> **WORK TASK**:
Line by line, print the records exactly as they are, dropping the pictures.

> **RECORDS FOR THIS EXERCISE**:
·····

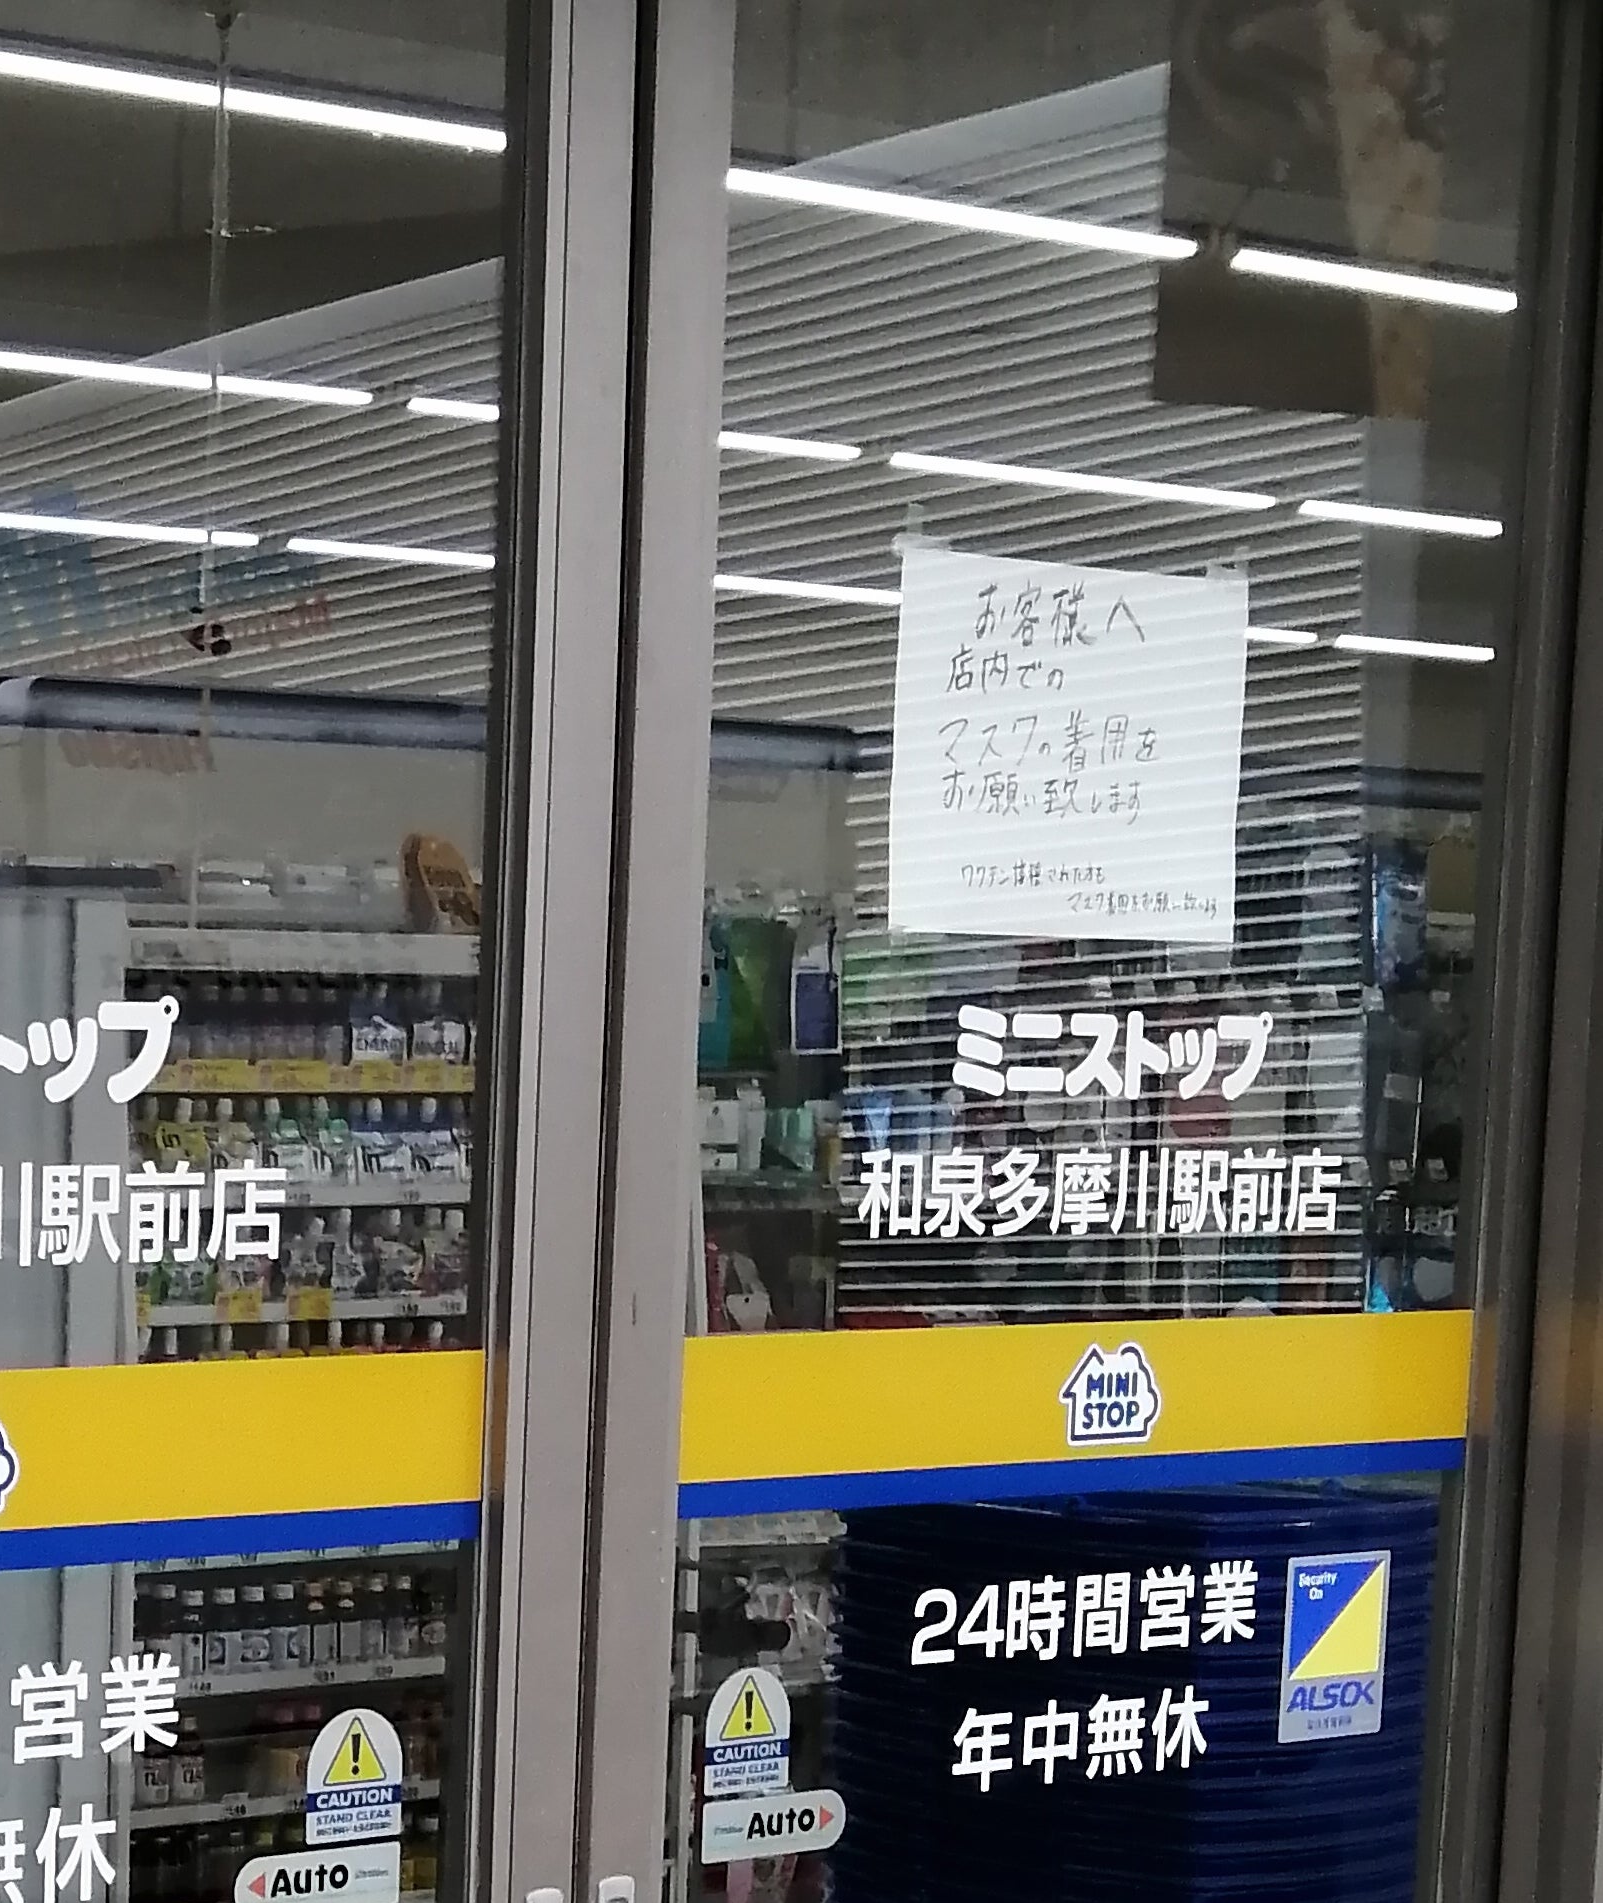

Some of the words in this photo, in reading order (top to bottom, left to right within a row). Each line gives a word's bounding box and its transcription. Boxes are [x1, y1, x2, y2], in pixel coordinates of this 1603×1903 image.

[975, 581, 1145, 647] お客様へ
[946, 643, 1064, 694] 店内での
[938, 709, 1159, 774] マスクの着用を
[942, 769, 1142, 826] お願い致します
[952, 1004, 1272, 1102] ミニストップ
[857, 1147, 1342, 1239] 和泉多摩川駅前店
[1084, 1369, 1140, 1400] MINI
[1081, 1399, 1141, 1432] STOP
[910, 1559, 1260, 1666] 24時間営業
[1286, 1681, 1375, 1713] ALSOK
[713, 1742, 782, 1763] CAUTION
[951, 1685, 1209, 1793] 年中無休
[316, 1788, 394, 1809] CAUTION
[747, 1808, 816, 1840] Auto
[271, 1864, 349, 1898] Auto

·····

> **RESULT**:
Some of the words in this photo, in reading order (top to bottom, left to right within a row). Each line gives a word's bounding box and its transcription. Boxes are [x1, y1, x2, y2], in pixel coordinates of this 1603×1903 image.

[975, 581, 1145, 647] お客様へ
[946, 643, 1064, 694] 店内での
[938, 709, 1159, 774] マスクの着用を
[942, 769, 1142, 826] お願い致します
[952, 1004, 1272, 1102] ミニストップ
[857, 1147, 1342, 1239] 和泉多摩川駅前店
[1084, 1369, 1140, 1400] MINI
[1081, 1399, 1141, 1432] STOP
[910, 1559, 1260, 1666] 24時間営業
[1286, 1681, 1375, 1713] ALSOK
[713, 1742, 782, 1763] CAUTION
[951, 1685, 1209, 1793] 年中無休
[316, 1788, 394, 1809] CAUTION
[747, 1808, 816, 1840] Auto
[271, 1864, 349, 1898] Auto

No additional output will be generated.